I seem to get asked this question a lot. I did promise to answer this question on this blog so here goes. I don't think many people usually go and buy property outside their home town unless they have some sort of other connection to it apart from investment. (Family lives there, retirement property, used to live there). I generally give everyone a very quick and simple answer using the 3 F's. Namely Food, Fertilizer and Fuel. This generally describes most of Saskatchewan, but it is a quick way to answer this question that gets asked repeatedly.
What do I mean by this for those of you who still don't understand. All three (Food, Fertilizer and Fuel) are necessities for the people of the world. These are things the world will continue to need (and demand) for the foreseeable future and Saskatchewan has them in abundance.
Food: Saskatchewan being a prairie province is a major food producer with many people making their livelihood as farmers.
Fertilizer: It is also the location of a very large chunk of Potash deposits which is a fertilizer... the price of Fertilizer was bid up to like a $1000 a tonne before it came crashing down. Current spot price is about $400 a tonne... but still way higher than what it had dropped to ($150 a tonne)... at the end of the day farmers might be able to go a year or so without fertilizer, but eventually they need to fertilize to keep crop yields up. Potash Corporation was at one time the darling of the stock market and had the highest market cap of any corporation in Canada. They are headquartered in Regina. (Woohoo stable jobs).
Fuel: Saskatchewan also has oil, gas and uranium deposits. Oil from tar sands, but also from oil shales (Estimated to have about 25 billion to 100 billion barrels of oil in the bakken formation alone). Also Saskatchewan is currently the largest uranium producing region in the world. Think of all those new Nuclear power plants coming online in China and elsewhere in the world. While prices for all types of fuel are still on a major uptrend (apart from the hiccup for the great recession)
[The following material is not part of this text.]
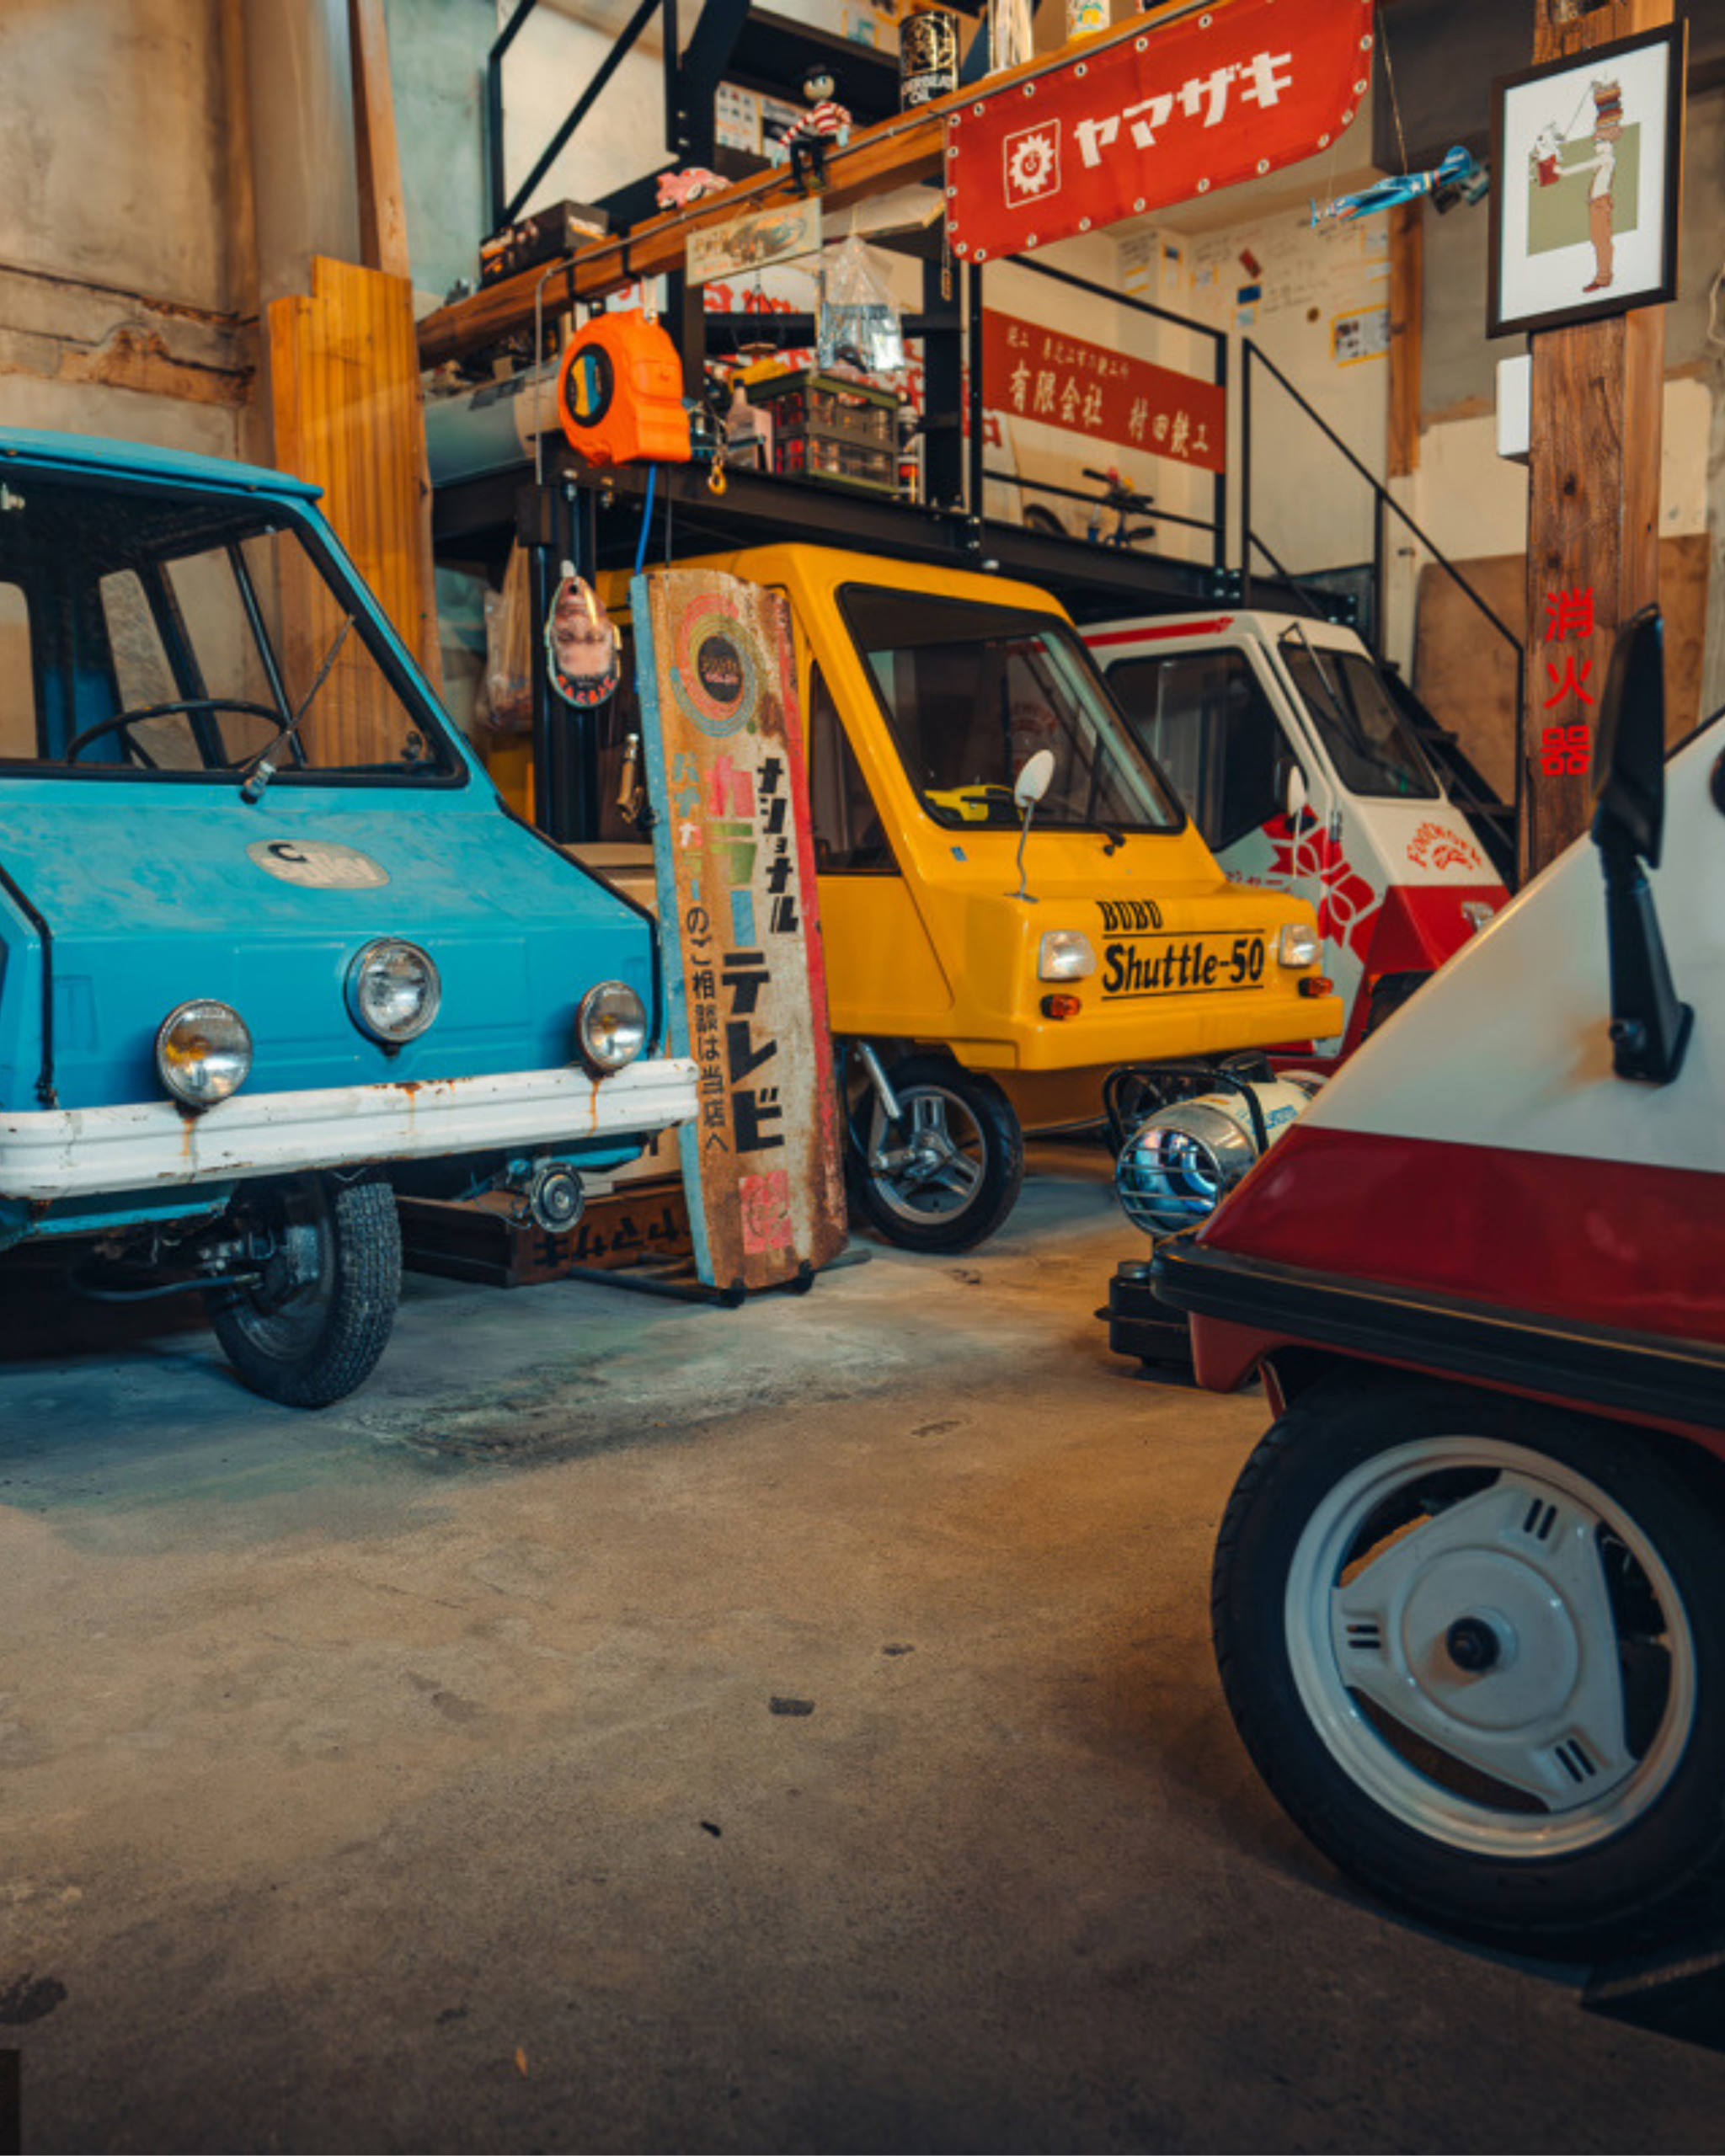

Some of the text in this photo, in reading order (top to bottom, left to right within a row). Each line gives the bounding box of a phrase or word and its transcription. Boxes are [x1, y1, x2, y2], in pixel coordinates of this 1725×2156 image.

For those that have a little more time I also explain how Regina currently has one of the lowest vacancy rates in the country. (In the May 2010 issue of Canadian Real Estate Magazine there is a quick write up on Regina in the "Top rental markets" section. 0.6% overall vacancy rate is what is listed there.) Of course that means you don't have much worry renting out your property and with lower vacancy rates also means rising rent (basic supply and demand) which will turn into better and better cashflows through the life of your property.
Meanwhile average house prices are still about $100K below Canadian average. Granted markets like Toronto and Vancouver tend to skew the average upwards, still there are significant deals to be found in Regina. Definitely much easier to cashflow on a cheaper property than a more expensive one.
Net in-migration forecast for between 0.5% to 1.8% in the next five years in Regina. New comers usually rent for awhile first before buying and an increasing population will keep demand high before new housing stock comes into play, putting pressure on rents to rise. Saskatchewan also seems to have a relatively lucky place in the age of their population with a nice little bump in the 15-24 age category that allows them to in a sense replace the baby boomer population a bit compared to the rest of the country. (Less labour shortages)
Other things going for Regina:
- RCMP Headquarters... again a stable workforce and amount of people
- Provincial Legislature. Public Sector again diversifies the workforce with another stable employer. (This contrasts with Saskatoon which is more tied to the resource sectors ups and downs)
- New 2000 Acre Global Transportation Hub that Loblaws and CP Rail will use which will provide construction jobs and permanent jobs as it gets underway
The question should really be... Why not Regina?